PROBLEM DETAILS:
Word for word, print the entries that follow.

[INFORMATION SHOWN — start]

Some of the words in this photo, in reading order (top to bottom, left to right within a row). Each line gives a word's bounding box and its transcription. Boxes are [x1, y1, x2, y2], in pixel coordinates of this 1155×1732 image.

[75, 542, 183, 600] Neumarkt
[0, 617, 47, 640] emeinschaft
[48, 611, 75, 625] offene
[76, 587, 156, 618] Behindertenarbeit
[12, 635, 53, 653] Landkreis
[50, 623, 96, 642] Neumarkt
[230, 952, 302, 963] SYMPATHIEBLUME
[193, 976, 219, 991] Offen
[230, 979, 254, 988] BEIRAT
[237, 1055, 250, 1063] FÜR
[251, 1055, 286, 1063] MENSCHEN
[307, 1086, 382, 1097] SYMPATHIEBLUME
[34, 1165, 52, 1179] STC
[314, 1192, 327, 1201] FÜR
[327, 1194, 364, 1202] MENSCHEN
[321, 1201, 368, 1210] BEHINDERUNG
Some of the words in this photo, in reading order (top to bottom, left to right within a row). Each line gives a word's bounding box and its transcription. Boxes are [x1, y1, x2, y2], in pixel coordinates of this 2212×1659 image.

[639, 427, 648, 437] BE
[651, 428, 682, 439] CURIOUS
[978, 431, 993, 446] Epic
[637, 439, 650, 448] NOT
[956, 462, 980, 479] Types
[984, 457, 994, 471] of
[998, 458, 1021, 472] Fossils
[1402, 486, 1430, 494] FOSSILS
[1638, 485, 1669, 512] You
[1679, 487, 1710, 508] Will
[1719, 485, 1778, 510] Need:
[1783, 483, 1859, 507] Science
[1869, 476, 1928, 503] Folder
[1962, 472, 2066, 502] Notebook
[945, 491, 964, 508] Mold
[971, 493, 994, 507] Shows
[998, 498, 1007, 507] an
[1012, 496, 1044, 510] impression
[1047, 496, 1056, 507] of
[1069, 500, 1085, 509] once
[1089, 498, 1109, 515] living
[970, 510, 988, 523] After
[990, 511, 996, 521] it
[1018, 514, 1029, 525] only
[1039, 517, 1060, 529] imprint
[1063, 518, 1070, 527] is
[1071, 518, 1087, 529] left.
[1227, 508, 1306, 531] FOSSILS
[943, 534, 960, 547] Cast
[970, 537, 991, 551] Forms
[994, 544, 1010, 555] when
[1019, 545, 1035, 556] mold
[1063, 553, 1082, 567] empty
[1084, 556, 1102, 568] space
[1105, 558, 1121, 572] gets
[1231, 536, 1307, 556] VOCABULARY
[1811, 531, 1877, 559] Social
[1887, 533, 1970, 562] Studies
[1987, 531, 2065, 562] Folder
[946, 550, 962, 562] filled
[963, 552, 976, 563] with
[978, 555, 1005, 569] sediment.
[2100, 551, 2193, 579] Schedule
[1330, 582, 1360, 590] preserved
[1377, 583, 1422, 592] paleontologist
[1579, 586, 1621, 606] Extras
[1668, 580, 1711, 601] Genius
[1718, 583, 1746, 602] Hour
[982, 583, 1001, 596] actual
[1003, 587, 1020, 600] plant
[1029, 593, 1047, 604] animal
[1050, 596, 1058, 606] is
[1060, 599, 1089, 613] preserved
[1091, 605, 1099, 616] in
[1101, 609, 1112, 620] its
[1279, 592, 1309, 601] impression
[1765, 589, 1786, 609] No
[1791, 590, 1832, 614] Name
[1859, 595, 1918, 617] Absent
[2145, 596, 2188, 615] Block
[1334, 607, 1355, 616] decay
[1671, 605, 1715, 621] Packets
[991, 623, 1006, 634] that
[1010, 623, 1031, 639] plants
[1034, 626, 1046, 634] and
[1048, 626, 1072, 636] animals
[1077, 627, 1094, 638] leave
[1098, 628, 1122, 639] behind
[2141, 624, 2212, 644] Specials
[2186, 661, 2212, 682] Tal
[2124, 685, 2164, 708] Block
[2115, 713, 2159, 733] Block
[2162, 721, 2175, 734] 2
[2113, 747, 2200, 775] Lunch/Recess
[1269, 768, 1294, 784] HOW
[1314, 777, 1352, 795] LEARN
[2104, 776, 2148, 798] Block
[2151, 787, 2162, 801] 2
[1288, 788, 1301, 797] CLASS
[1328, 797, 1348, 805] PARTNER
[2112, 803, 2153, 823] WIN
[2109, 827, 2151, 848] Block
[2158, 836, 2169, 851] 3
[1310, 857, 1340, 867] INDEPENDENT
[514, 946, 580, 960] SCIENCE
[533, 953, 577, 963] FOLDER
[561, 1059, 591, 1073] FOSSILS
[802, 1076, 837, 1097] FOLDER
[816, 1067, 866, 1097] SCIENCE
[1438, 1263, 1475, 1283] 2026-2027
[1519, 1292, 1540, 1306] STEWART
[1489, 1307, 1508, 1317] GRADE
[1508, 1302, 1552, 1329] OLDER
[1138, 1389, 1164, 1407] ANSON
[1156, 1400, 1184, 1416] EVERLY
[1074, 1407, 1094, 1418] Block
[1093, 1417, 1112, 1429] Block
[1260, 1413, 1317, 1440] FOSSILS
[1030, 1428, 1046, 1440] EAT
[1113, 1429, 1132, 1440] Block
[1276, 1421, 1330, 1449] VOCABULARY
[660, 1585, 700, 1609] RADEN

[INFORMATION SHOWN — finish]

EXPECTED ANSWER:
Some of the words in this photo, in reading order (top to bottom, left to right within a row). Each line gives a word's bounding box and its transcription. Boxes are [x1, y1, x2, y2], in pixel coordinates of this 1155×1732 image.

[75, 542, 183, 600] Neumarkt
[0, 617, 47, 640] emeinschaft
[48, 611, 75, 625] offene
[76, 587, 156, 618] Behindertenarbeit
[12, 635, 53, 653] Landkreis
[50, 623, 96, 642] Neumarkt
[230, 952, 302, 963] SYMPATHIEBLUME
[193, 976, 219, 991] Offen
[230, 979, 254, 988] BEIRAT
[237, 1055, 250, 1063] FÜR
[251, 1055, 286, 1063] MENSCHEN
[307, 1086, 382, 1097] SYMPATHIEBLUME
[34, 1165, 52, 1179] STC
[314, 1192, 327, 1201] FÜR
[327, 1194, 364, 1202] MENSCHEN
[321, 1201, 368, 1210] BEHINDERUNG
Some of the words in this photo, in reading order (top to bottom, left to right within a row). Each line gives a word's bounding box and its transcription. Boxes are [x1, y1, x2, y2], in pixel coordinates of this 2212×1659 image.

[639, 427, 648, 437] BE
[651, 428, 682, 439] CURIOUS
[978, 431, 993, 446] Epic
[637, 439, 650, 448] NOT
[956, 462, 980, 479] Types
[984, 457, 994, 471] of
[998, 458, 1021, 472] Fossils
[1402, 486, 1430, 494] FOSSILS
[1638, 485, 1669, 512] You
[1679, 487, 1710, 508] Will
[1719, 485, 1778, 510] Need:
[1783, 483, 1859, 507] Science
[1869, 476, 1928, 503] Folder
[1962, 472, 2066, 502] Notebook
[945, 491, 964, 508] Mold
[971, 493, 994, 507] Shows
[998, 498, 1007, 507] an
[1012, 496, 1044, 510] impression
[1047, 496, 1056, 507] of
[1069, 500, 1085, 509] once
[1089, 498, 1109, 515] living
[970, 510, 988, 523] After
[990, 511, 996, 521] it
[1018, 514, 1029, 525] only
[1039, 517, 1060, 529] imprint
[1063, 518, 1070, 527] is
[1071, 518, 1087, 529] left.
[1227, 508, 1306, 531] FOSSILS
[943, 534, 960, 547] Cast
[970, 537, 991, 551] Forms
[994, 544, 1010, 555] when
[1019, 545, 1035, 556] mold
[1063, 553, 1082, 567] empty
[1084, 556, 1102, 568] space
[1105, 558, 1121, 572] gets
[1231, 536, 1307, 556] VOCABULARY
[1811, 531, 1877, 559] Social
[1887, 533, 1970, 562] Studies
[1987, 531, 2065, 562] Folder
[946, 550, 962, 562] filled
[963, 552, 976, 563] with
[978, 555, 1005, 569] sediment.
[2100, 551, 2193, 579] Schedule
[1330, 582, 1360, 590] preserved
[1377, 583, 1422, 592] paleontologist
[1579, 586, 1621, 606] Extras
[1668, 580, 1711, 601] Genius
[1718, 583, 1746, 602] Hour
[982, 583, 1001, 596] actual
[1003, 587, 1020, 600] plant
[1029, 593, 1047, 604] animal
[1050, 596, 1058, 606] is
[1060, 599, 1089, 613] preserved
[1091, 605, 1099, 616] in
[1101, 609, 1112, 620] its
[1279, 592, 1309, 601] impression
[1765, 589, 1786, 609] No
[1791, 590, 1832, 614] Name
[1859, 595, 1918, 617] Absent
[2145, 596, 2188, 615] Block
[1334, 607, 1355, 616] decay
[1671, 605, 1715, 621] Packets
[991, 623, 1006, 634] that
[1010, 623, 1031, 639] plants
[1034, 626, 1046, 634] and
[1048, 626, 1072, 636] animals
[1077, 627, 1094, 638] leave
[1098, 628, 1122, 639] behind
[2141, 624, 2212, 644] Specials
[2186, 661, 2212, 682] Tal
[2124, 685, 2164, 708] Block
[2115, 713, 2159, 733] Block
[2162, 721, 2175, 734] 2
[2113, 747, 2200, 775] Lunch/Recess
[1269, 768, 1294, 784] HOW
[1314, 777, 1352, 795] LEARN
[2104, 776, 2148, 798] Block
[2151, 787, 2162, 801] 2
[1288, 788, 1301, 797] CLASS
[1328, 797, 1348, 805] PARTNER
[2112, 803, 2153, 823] WIN
[2109, 827, 2151, 848] Block
[2158, 836, 2169, 851] 3
[1310, 857, 1340, 867] INDEPENDENT
[514, 946, 580, 960] SCIENCE
[533, 953, 577, 963] FOLDER
[561, 1059, 591, 1073] FOSSILS
[802, 1076, 837, 1097] FOLDER
[816, 1067, 866, 1097] SCIENCE
[1438, 1263, 1475, 1283] 2026-2027
[1519, 1292, 1540, 1306] STEWART
[1489, 1307, 1508, 1317] GRADE
[1508, 1302, 1552, 1329] OLDER
[1138, 1389, 1164, 1407] ANSON
[1156, 1400, 1184, 1416] EVERLY
[1074, 1407, 1094, 1418] Block
[1093, 1417, 1112, 1429] Block
[1260, 1413, 1317, 1440] FOSSILS
[1030, 1428, 1046, 1440] EAT
[1113, 1429, 1132, 1440] Block
[1276, 1421, 1330, 1449] VOCABULARY
[660, 1585, 700, 1609] RADEN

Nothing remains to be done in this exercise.